MEDICAL PHARMACY COMPONENT FOR REFERENCE YEAR 2009
CONTACT GUIDE FOR PHARMACIES
VERSION 2.0
Revision History
Version |
Author/Title |
Date |
Comments |
---|---|---|---|
1.0 |
Multiple RTI and SSS authors |
12/23/08 |
|
2.0 |
Multiple RTI and SSS authors |
04/01/09 |
Changes from Version 1.0 marked in yellow highlighting |
MEDICAL PHARMACY COMPONENT FOR REFERENCE YEAR 2009
CONTACT GUIDE FOR PHARMACIES
Q1. [1] (ASK IF NOT OBVIOUS) Have I reached (PHARMACY NAME)?
YES VERIFY ADDRESS AND THEN CONTINUE WITH Q2
NO VERIFY TELEPHONE NUMBER, ADDRESS, AND NAME OF PHARMACY. IF PHARMACY IS DIFFERENT, RECORD PROBLEM WITH THE PHARMACY AND TERMINATE CALL. CONTACT DIRECTORY ASSISTANCE. IF NO BETTER NUMBER CAN BE FOUND, MARK FOR SUPERVISOR REVIEW.
Q2. [2] May I please speak to the pharmacist?
SPEAKING TO PHARMACIST RECORD NAME AND VERIFY TELEPHONE NUMBER
(May I please have your name?) (IF ONLY FIRST NAME GIVEN PROBE FOR FULL NAME)

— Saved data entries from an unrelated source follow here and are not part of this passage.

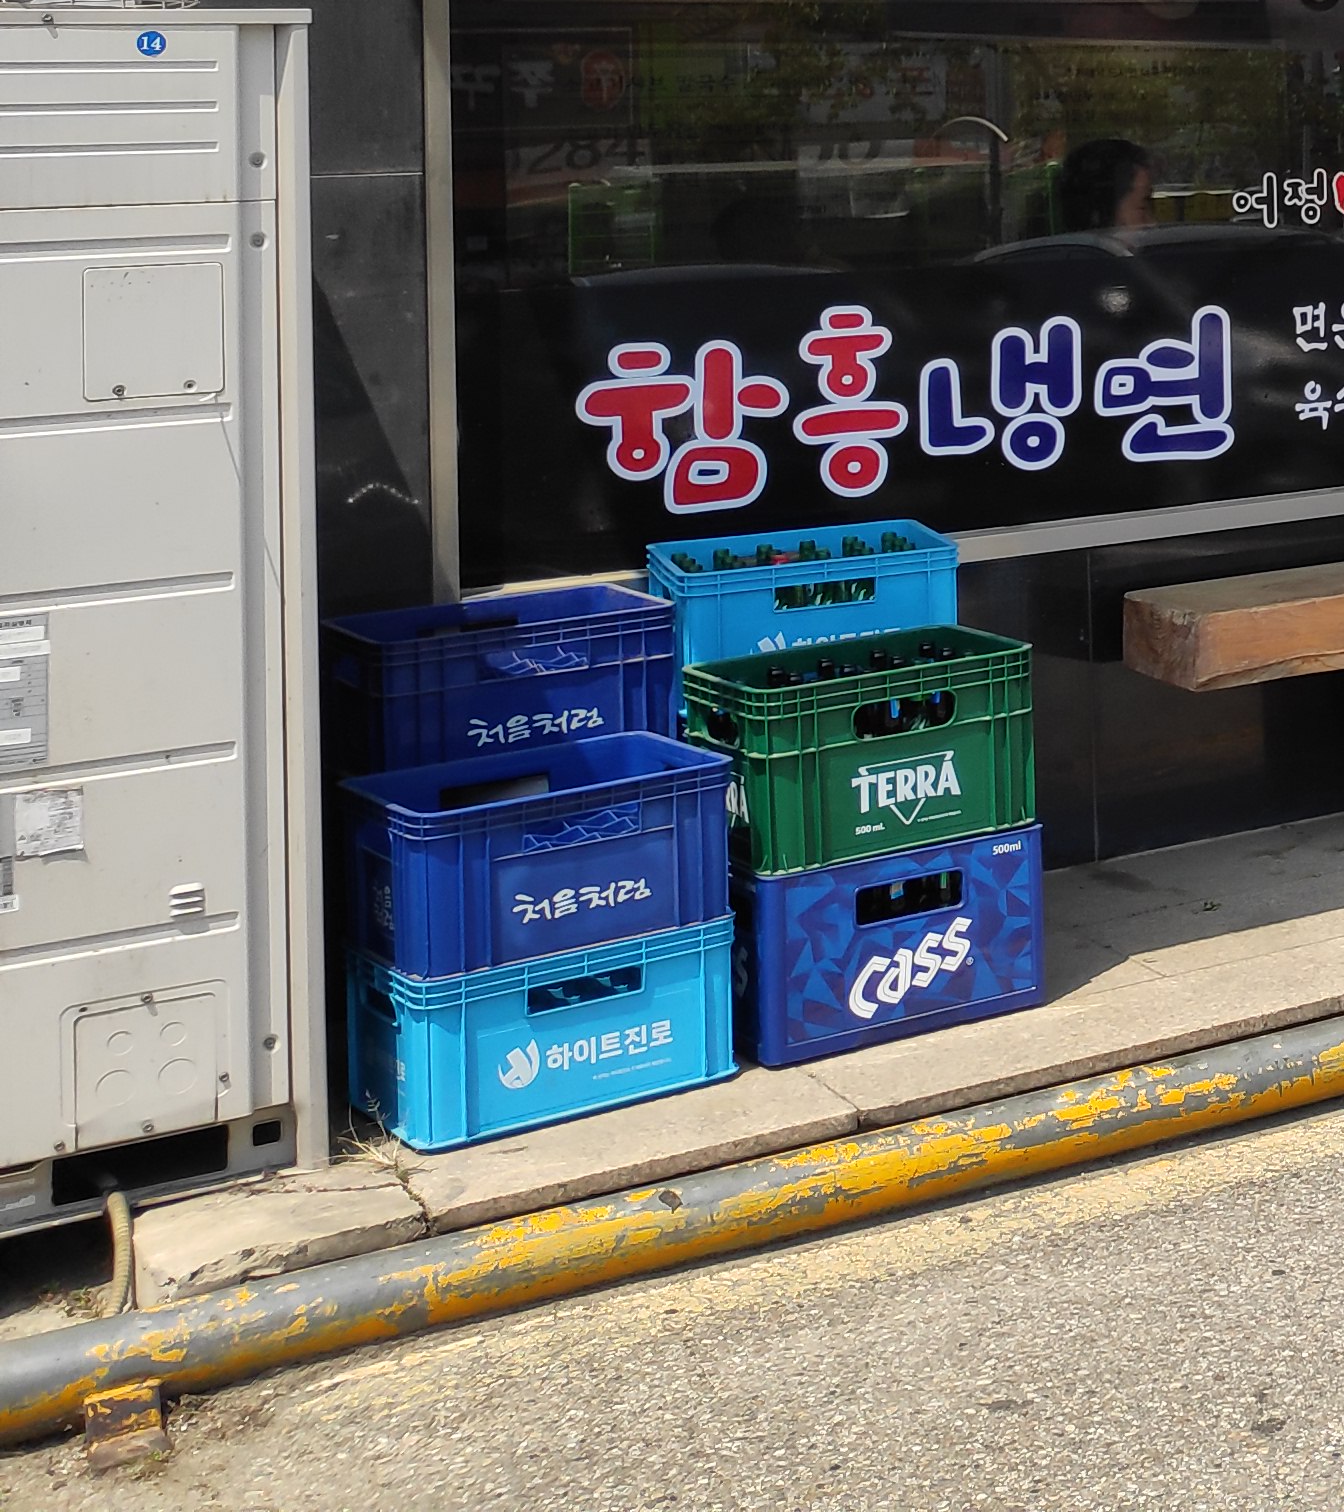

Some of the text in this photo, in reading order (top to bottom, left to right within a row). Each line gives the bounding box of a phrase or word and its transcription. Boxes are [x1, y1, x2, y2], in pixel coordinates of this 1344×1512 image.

[140, 36, 163, 51] 14
[1232, 168, 1327, 228] 어정
[576, 305, 1235, 516] 함흥냉면
[467, 706, 605, 748] 처음처럼
[851, 758, 962, 814] TERRA
[992, 840, 1022, 856] 500ml
[512, 878, 652, 924] 처음처럼
[546, 1019, 674, 1071] 하이트진로
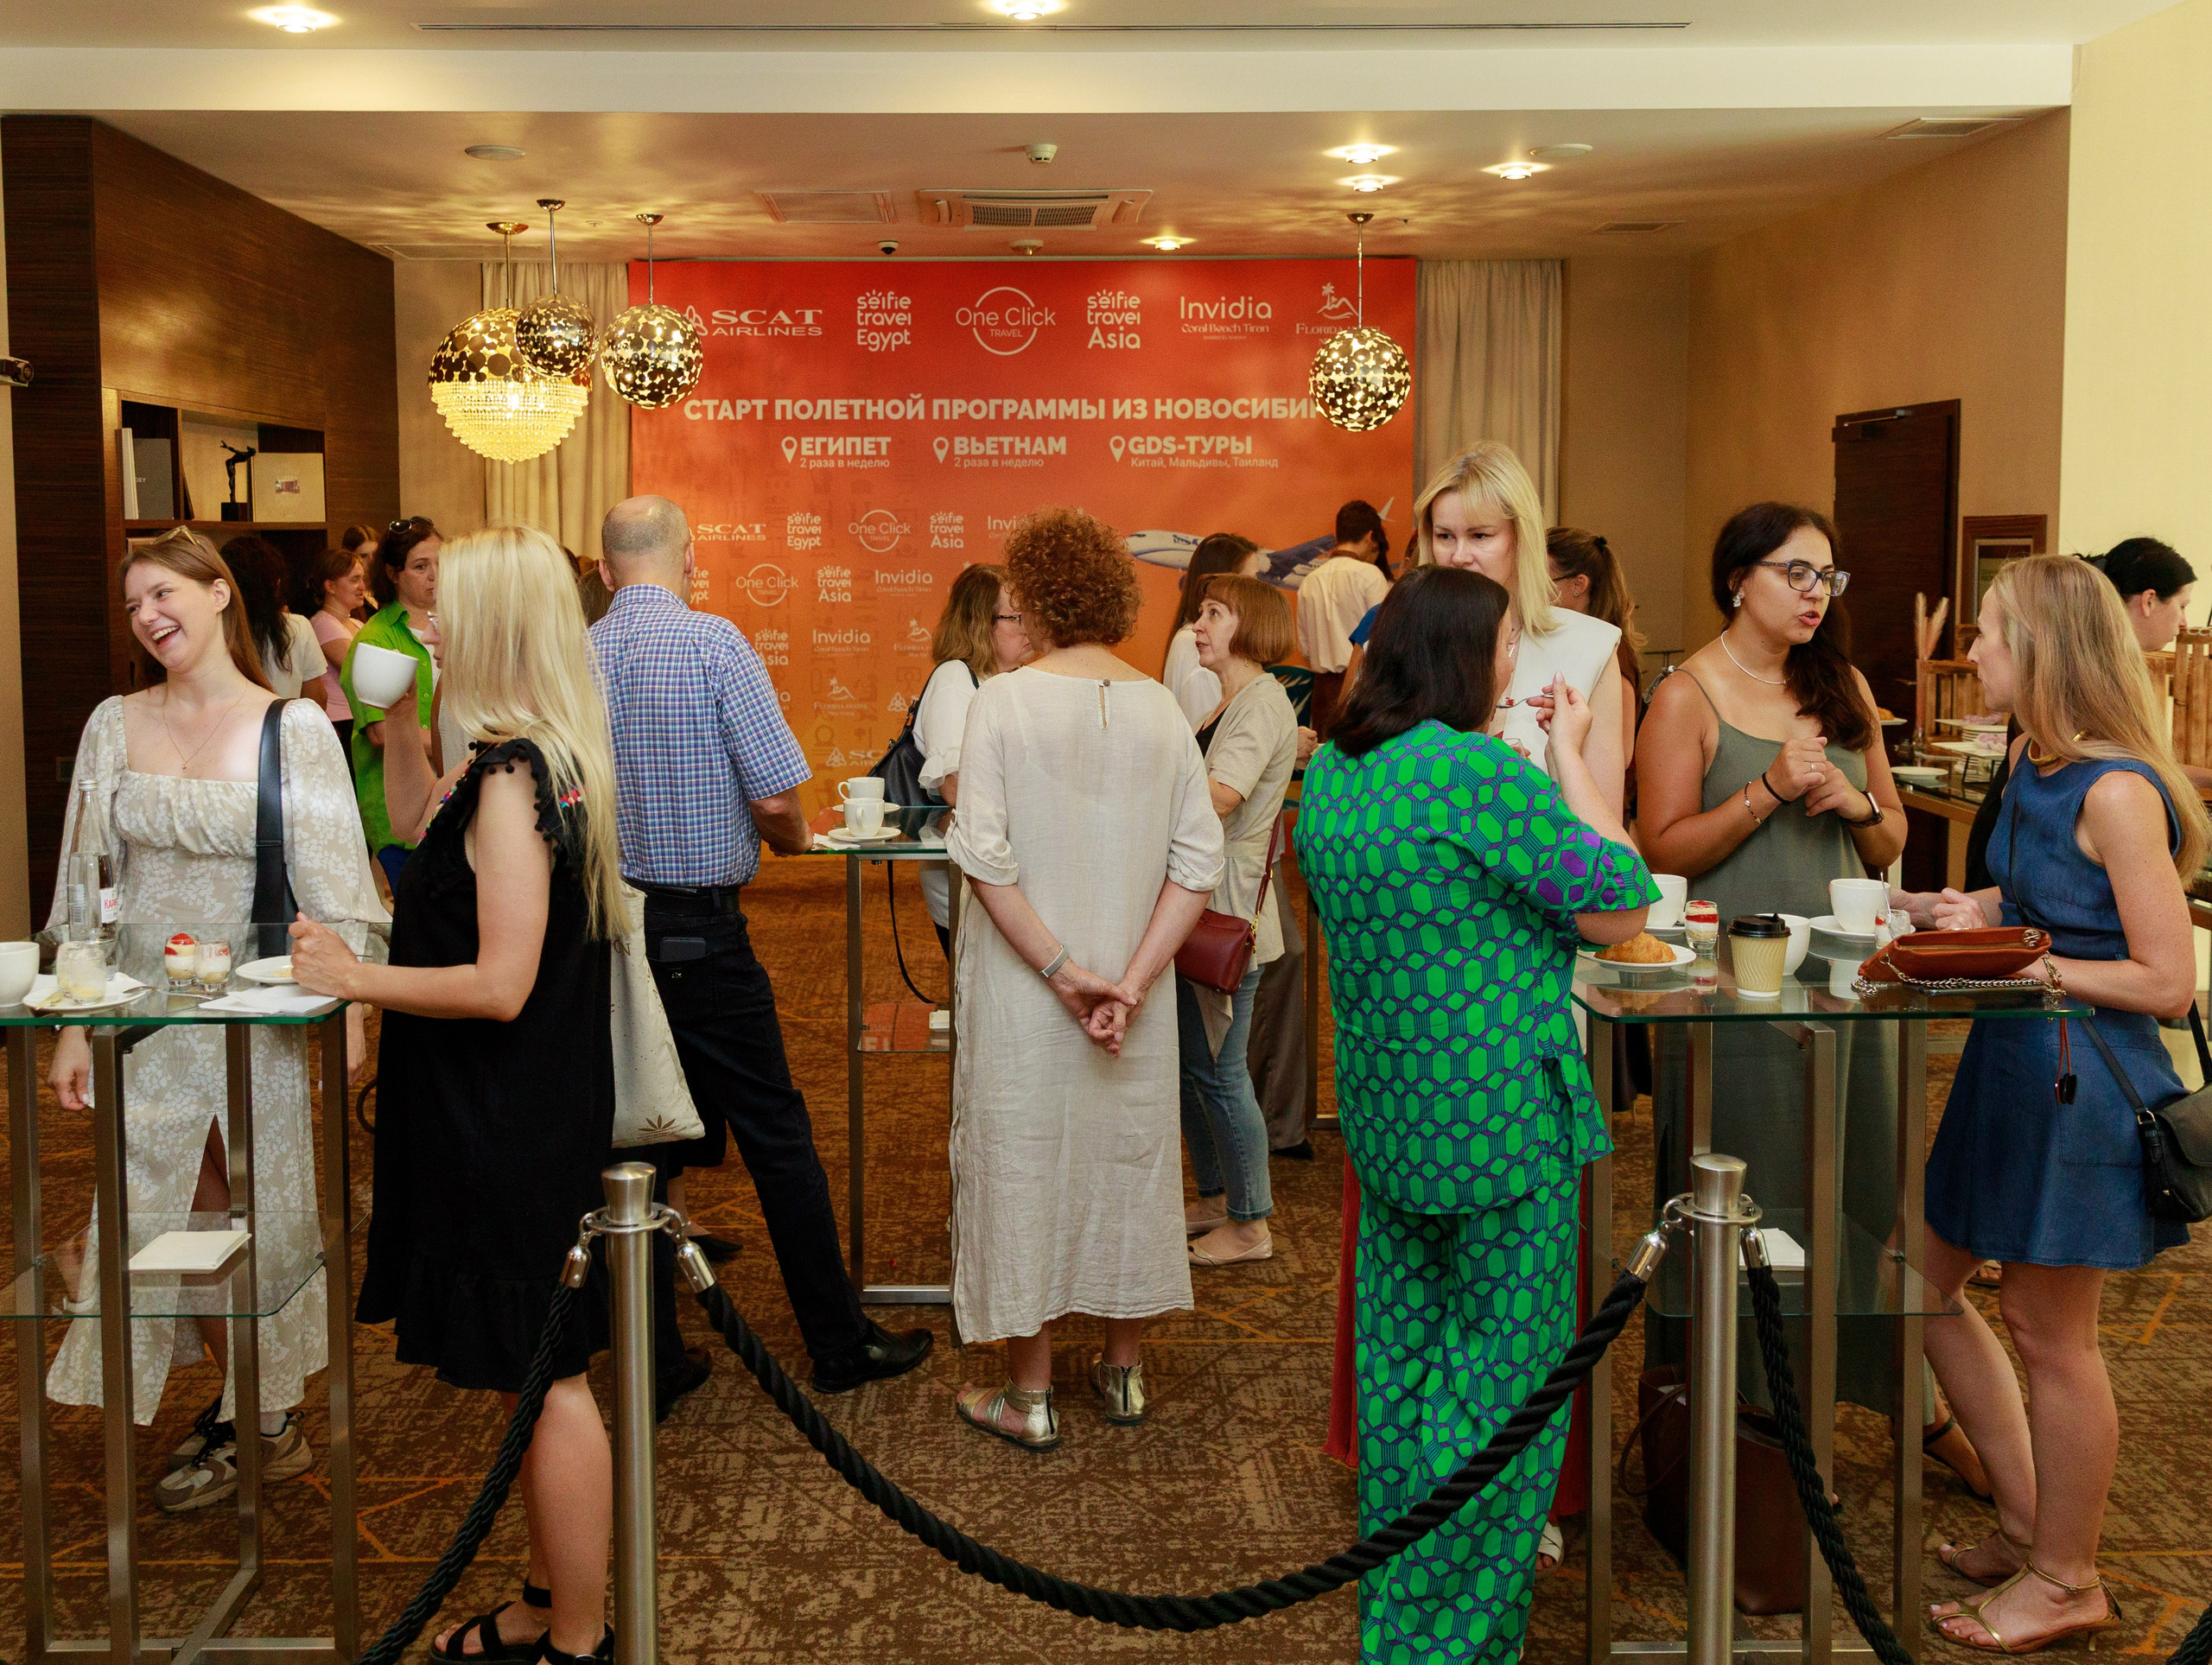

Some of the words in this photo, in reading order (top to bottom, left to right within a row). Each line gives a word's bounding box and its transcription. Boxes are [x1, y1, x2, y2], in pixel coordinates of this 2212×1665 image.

[1180, 296, 1272, 320] Invidia
[711, 309, 823, 325] SCAT
[955, 307, 999, 326] One
[1005, 306, 1056, 326] Click
[712, 327, 823, 337] AIRLINES
[989, 328, 1023, 338] TRAVEL
[1087, 326, 1141, 349] Asia
[856, 328, 912, 353] Egypt
[683, 398, 768, 421] СТАРТ
[775, 394, 925, 421] ПОЛЕТНОЙ
[932, 398, 1105, 420] ПРОГРАММЫ
[1113, 398, 1147, 420] ИЗ
[1154, 398, 1318, 420] НОВОСИБИ
[801, 436, 892, 456] ЕГИПЕТ
[954, 435, 1067, 455] ВЬЕТНАМ
[1128, 435, 1252, 455] GDS-ТУРЫ
[799, 458, 807, 467] 2
[809, 460, 835, 469] раза
[847, 460, 890, 469] неделю
[955, 457, 961, 467] 2
[963, 459, 989, 469] раза
[1001, 459, 1045, 469] неделю
[1131, 457, 1166, 468] Китай,
[1169, 458, 1230, 468] Мальдивы,
[696, 524, 766, 534] SCAT
[848, 522, 875, 535] One
[879, 521, 912, 535] Click
[987, 515, 1017, 531] Invi
[787, 536, 822, 550] Egypt
[931, 534, 964, 549] Asia
[735, 576, 763, 588] One
[766, 575, 798, 588] Click
[874, 569, 933, 585] Invidia
[690, 590, 709, 605] ypt
[818, 588, 852, 602] Asia
[812, 629, 871, 645] Invidia
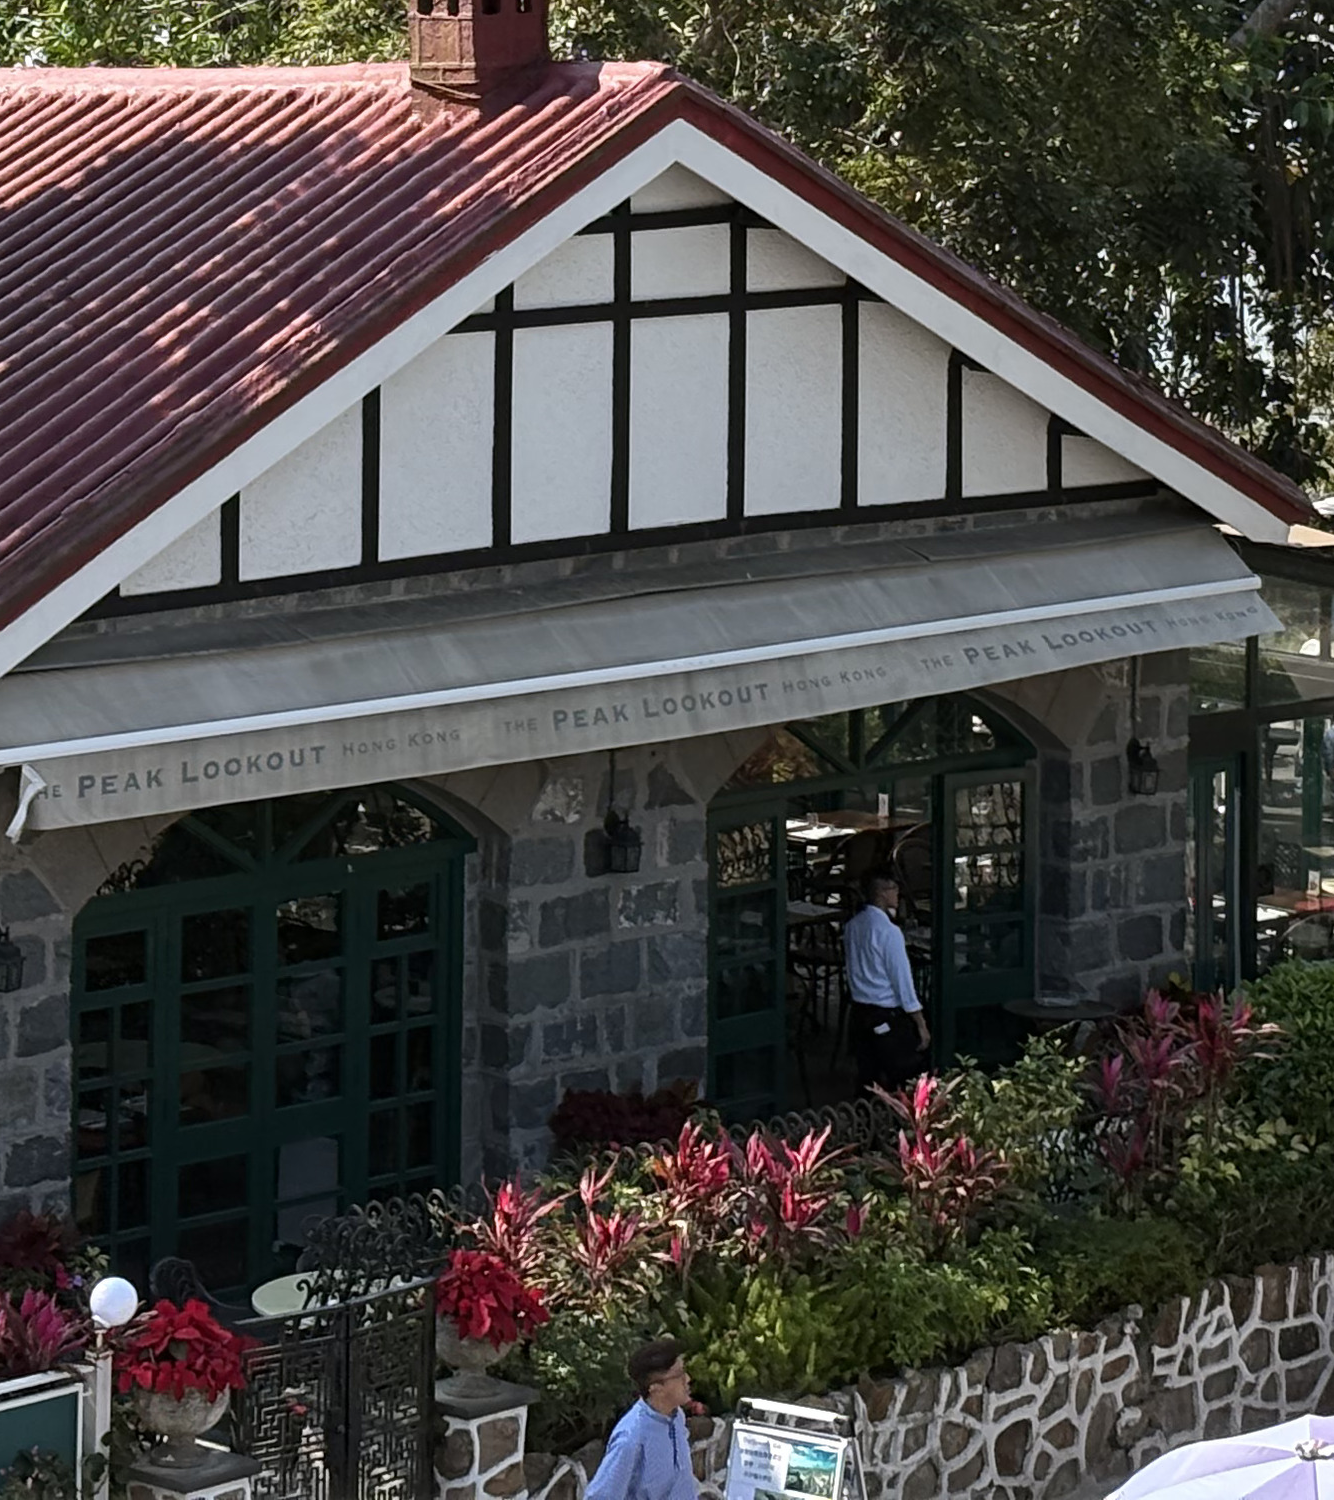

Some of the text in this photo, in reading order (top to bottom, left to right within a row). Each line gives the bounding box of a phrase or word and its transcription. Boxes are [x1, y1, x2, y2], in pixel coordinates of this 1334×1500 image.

NAME: ________________________________
The telephone number that I dialed is (FILL TELEPHONE NUMBER). Is that the best number at which to reach you?
TELEPHONE NUMBER: (_____)______________________ EXT: _______
YES CONTINUE WITH Q3
PHARMACIST NOT AVAILABLE RECORD CALLBACK INFORMATION
What would be the best day and time to call back to speak with the pharmacist?
DAY:___________ DATE:_________ R's TIME: AM/PM
Thank you for that information. I will call back then.
END CALL
Q3. [3] (Hello,) my name is (YOUR NAME) and I am calling on behalf of the U.S. Department of Health and Human Services. We are conducting MEPS which is a study about how people in the United States use and pay for health care. [NUMBER] of your customers identified (PHARMACY NAME) as a place where they received prescribed medication during 2009. (The/Each) patient signed an authorization form allowing us to contact you for information. Would you or someone in (PHARMACY NAME) be able to provide this type of information?
YES 1
NO 2 (GO TO Q3a)
I would like to fax the authorization forms to you, along with additional information explaining the study.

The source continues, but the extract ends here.